After a lifetime attending a school for the blind, sixteen-year-old Will Porter's first day at a mainstream high school went about as well as he expected. He accidentally grazed a girl's boob when reaching for a handrail on the stairs, he sat on another student in the cafeteria, and he somehow drove a new classmate to tears without saying a word. His high school career can only go up from there, right?
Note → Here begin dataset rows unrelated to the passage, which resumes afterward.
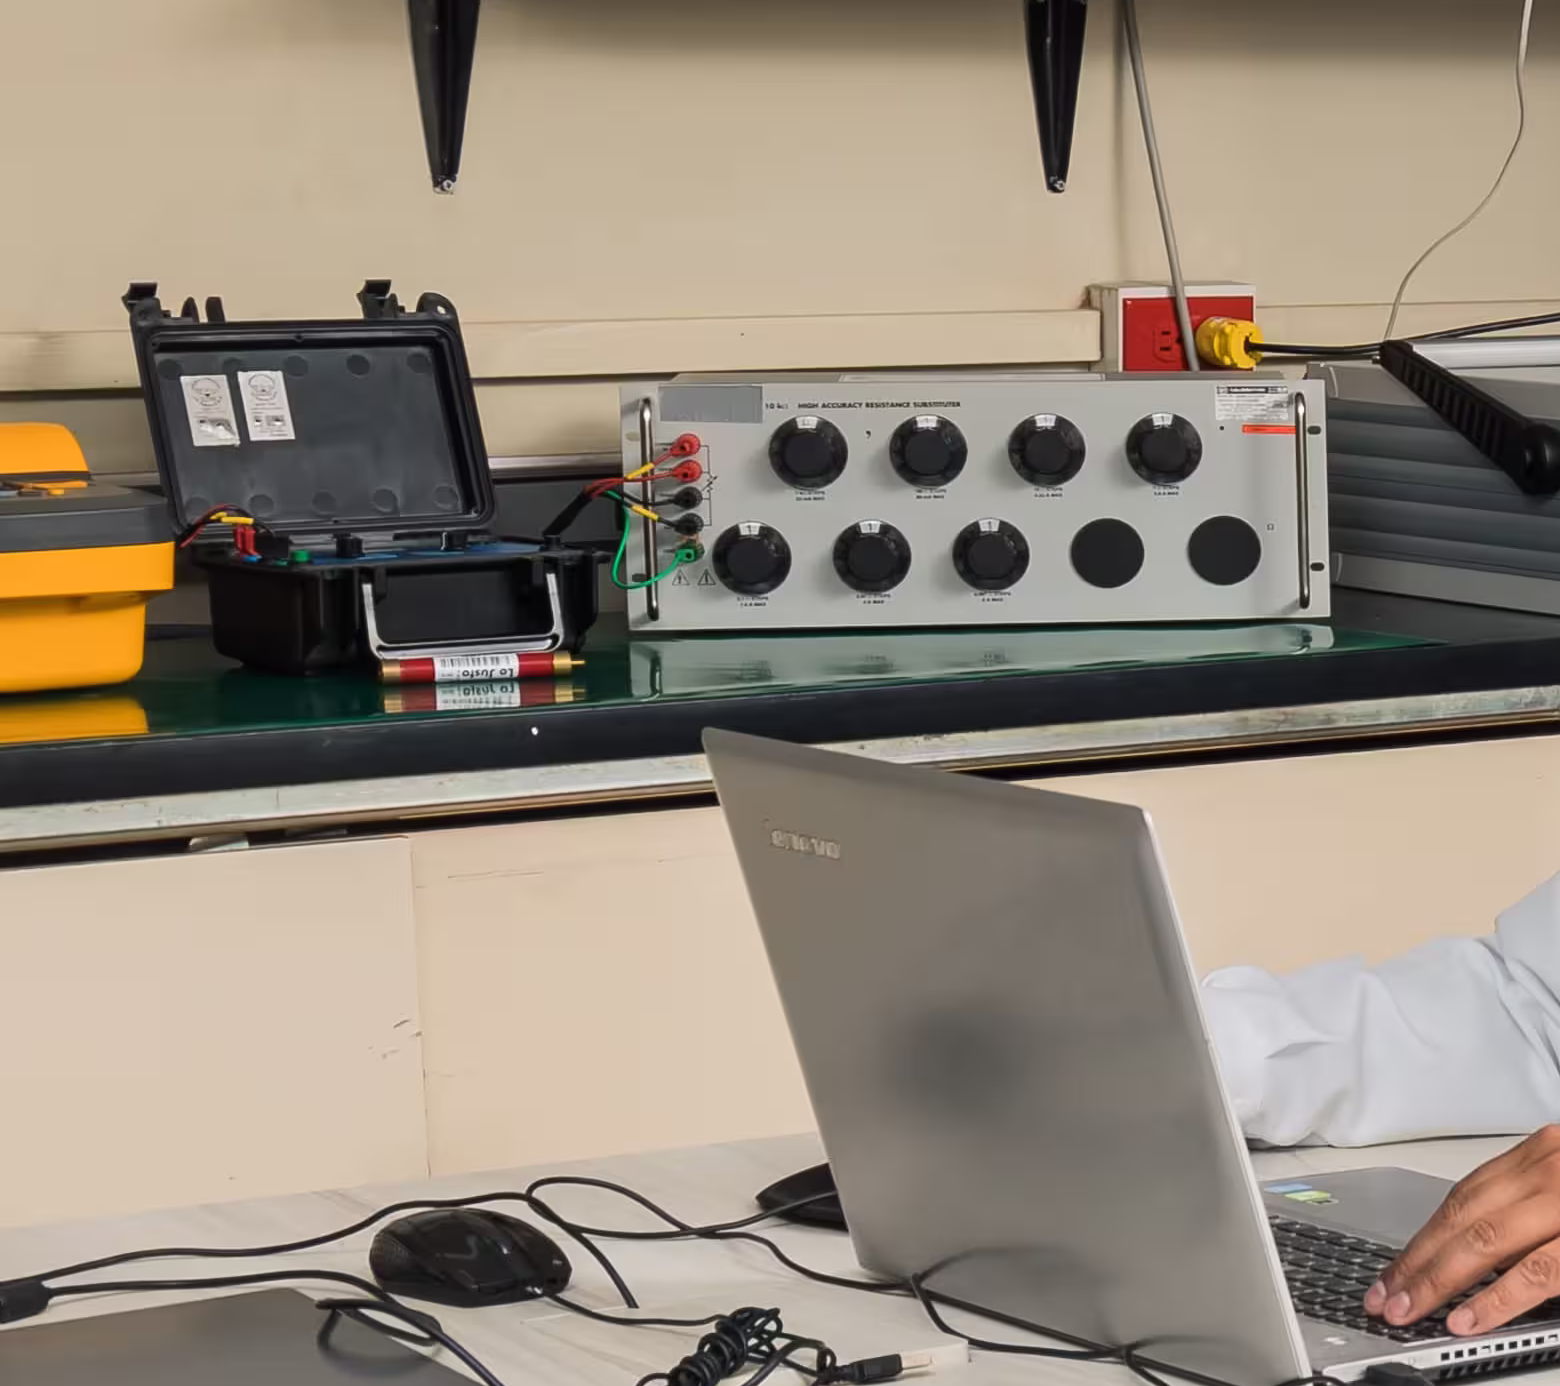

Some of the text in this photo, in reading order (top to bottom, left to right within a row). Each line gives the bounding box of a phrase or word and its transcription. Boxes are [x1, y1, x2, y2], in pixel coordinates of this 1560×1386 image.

[821, 401, 863, 409] ACCURACY
[865, 401, 911, 409] RESISTANCE
[462, 668, 515, 680] Lo Justo
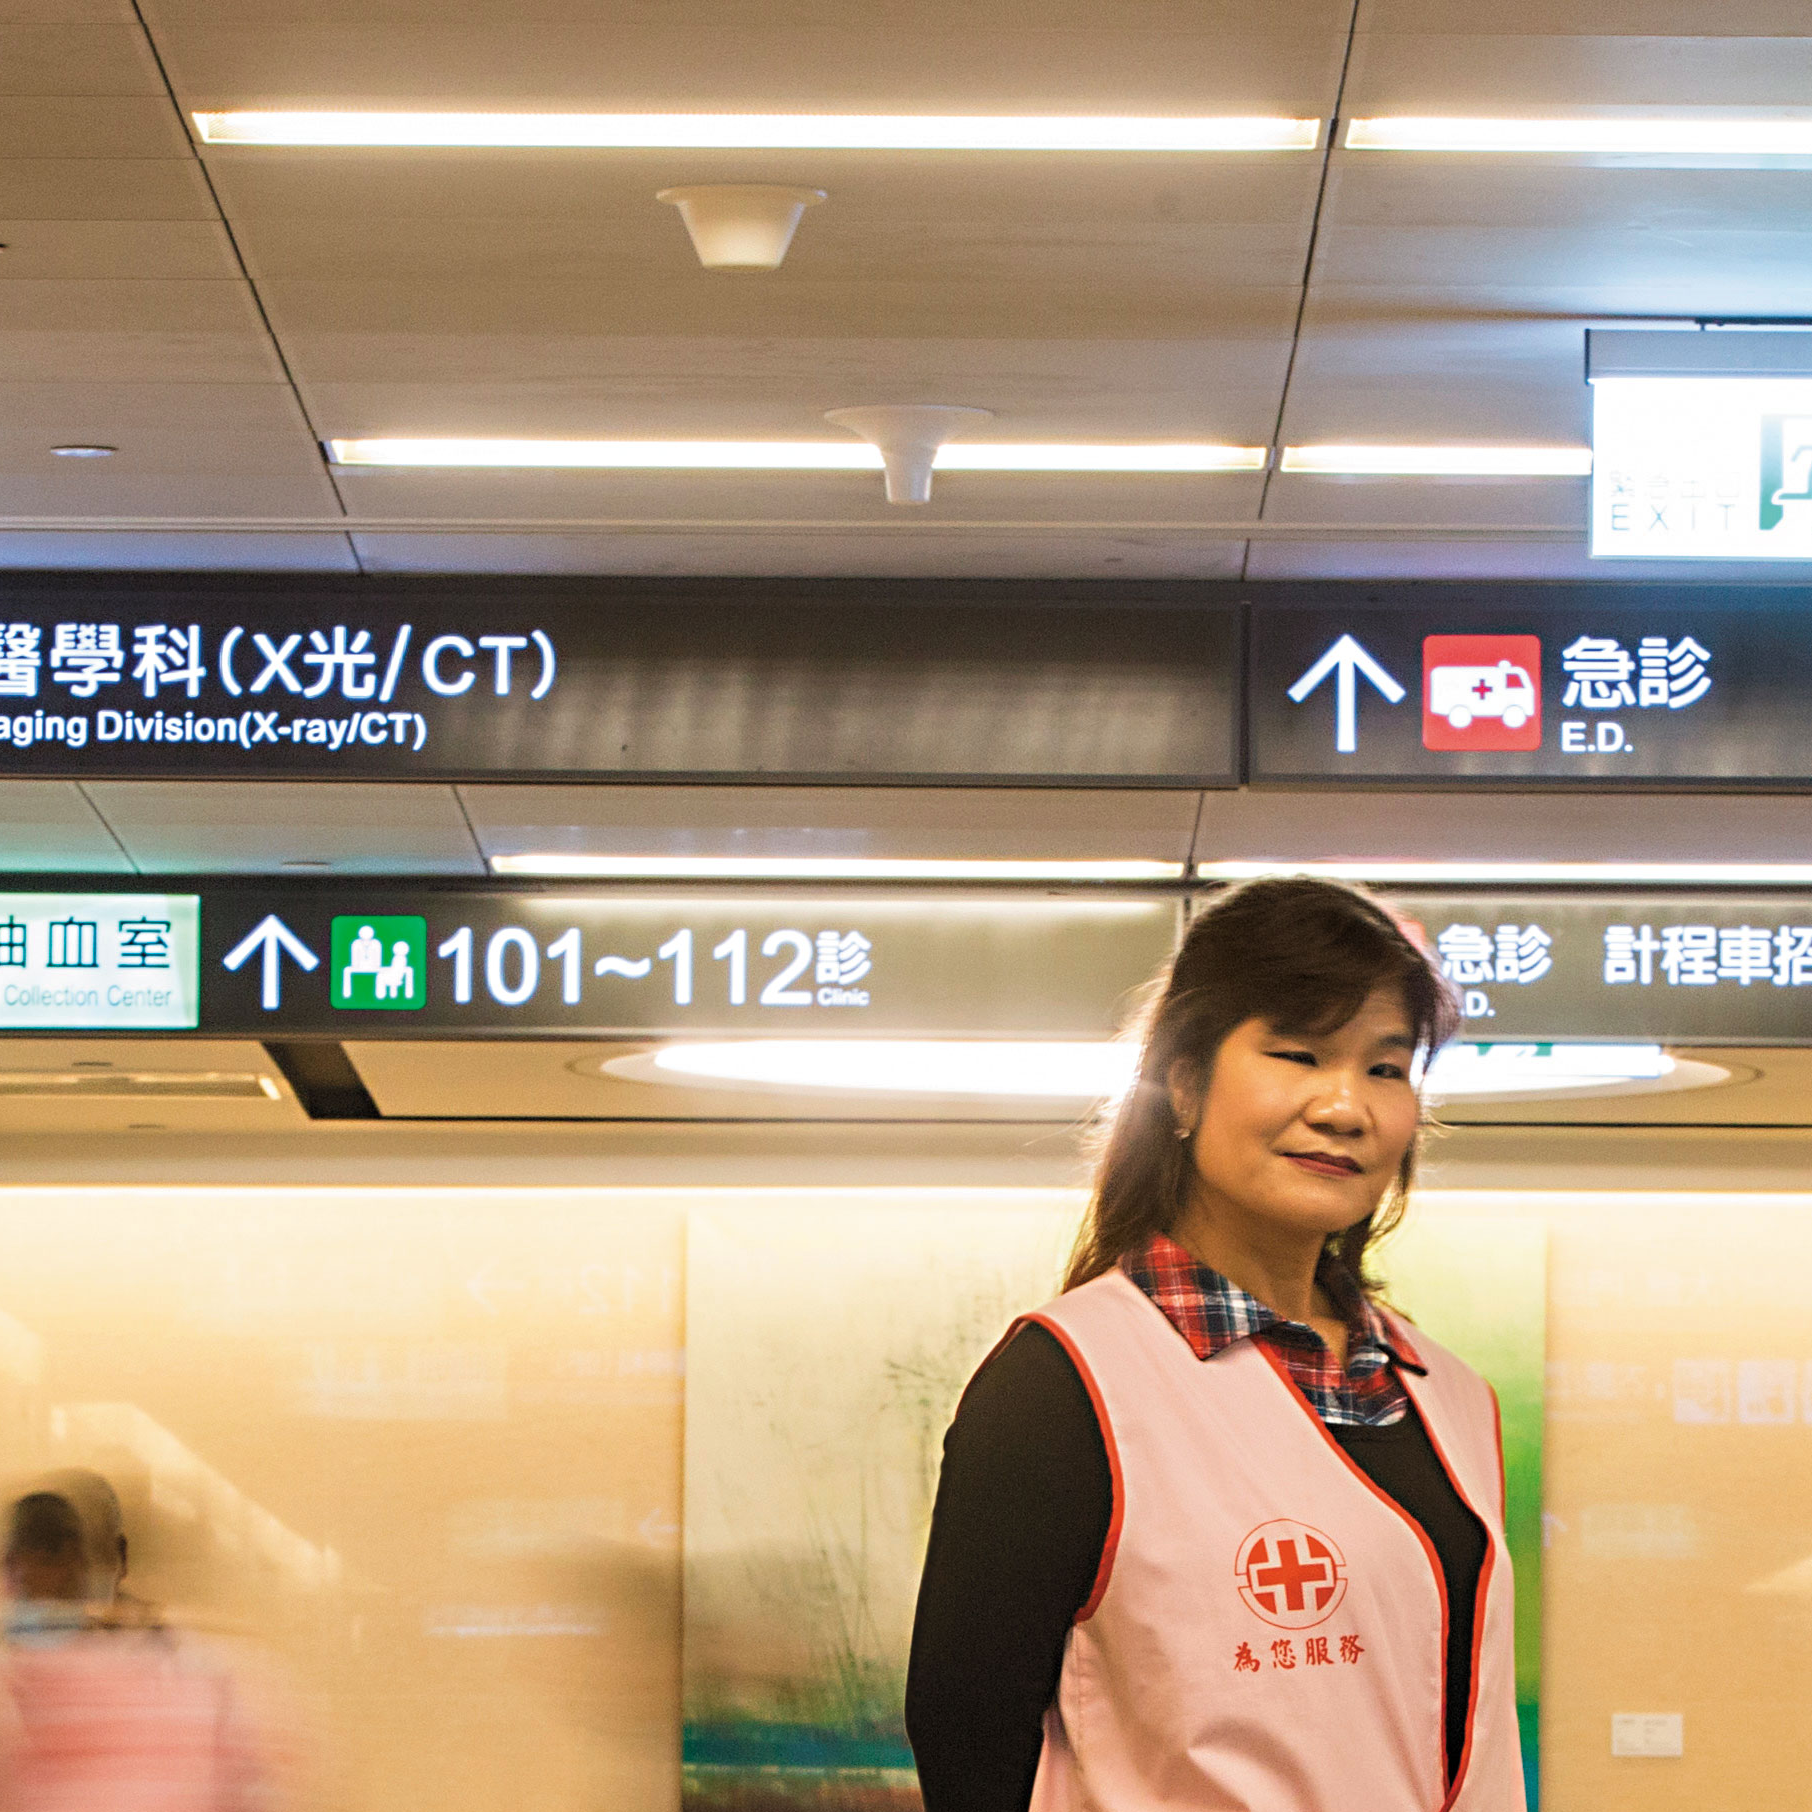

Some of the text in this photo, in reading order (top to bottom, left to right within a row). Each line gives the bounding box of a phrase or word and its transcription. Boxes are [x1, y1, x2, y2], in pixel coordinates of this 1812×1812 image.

[1610, 503, 1736, 532] EXIT
[1561, 636, 1712, 709] 急診
[97, 710, 426, 751] Division(X-ray/CT)
[1561, 721, 1634, 753] E.D.
[1438, 924, 1553, 984] 急診
[4, 983, 98, 1007] Collection
[107, 984, 172, 1007] Center
[817, 986, 870, 1006] Clinic
[1459, 990, 1496, 1018] .D.
[1233, 1634, 1366, 1673] 為您服務
As Will starts to find his footing, he develops a crush on a charming, quiet girl name Cecily. And despite his fear that having a girlfriend will make him inherently dependent on someone sighted, the two of them grow closer and closer. Then an unprecedented opportunity arises: an experimental surgery that could give Will eyesight for the first time in his life. But learning to see is more difficult than Will could have ever imagined, and as he adjusts to his new sense, he finds the sighted world has been keeping more secrets from him than he realized. It turns out that the girl he's been falling for doesn't meet traditional definitions of beauty. In fact, everything he'd heard about her appearance now appears to be a lie engineered by their so-called friends to get the two of them together. Does it matter what Cecily looks like? No, not really. But then why does Will feel so betrayed?
Told in Will's voice as he transitions from blind to sighted, this is a story about the nature of perception, love, trust, and romantic attraction. With moments of breathtaking poignancy, it's about how we relate to each other and the world around us, and how true friendship is one thing you don't need to be able to see to believe.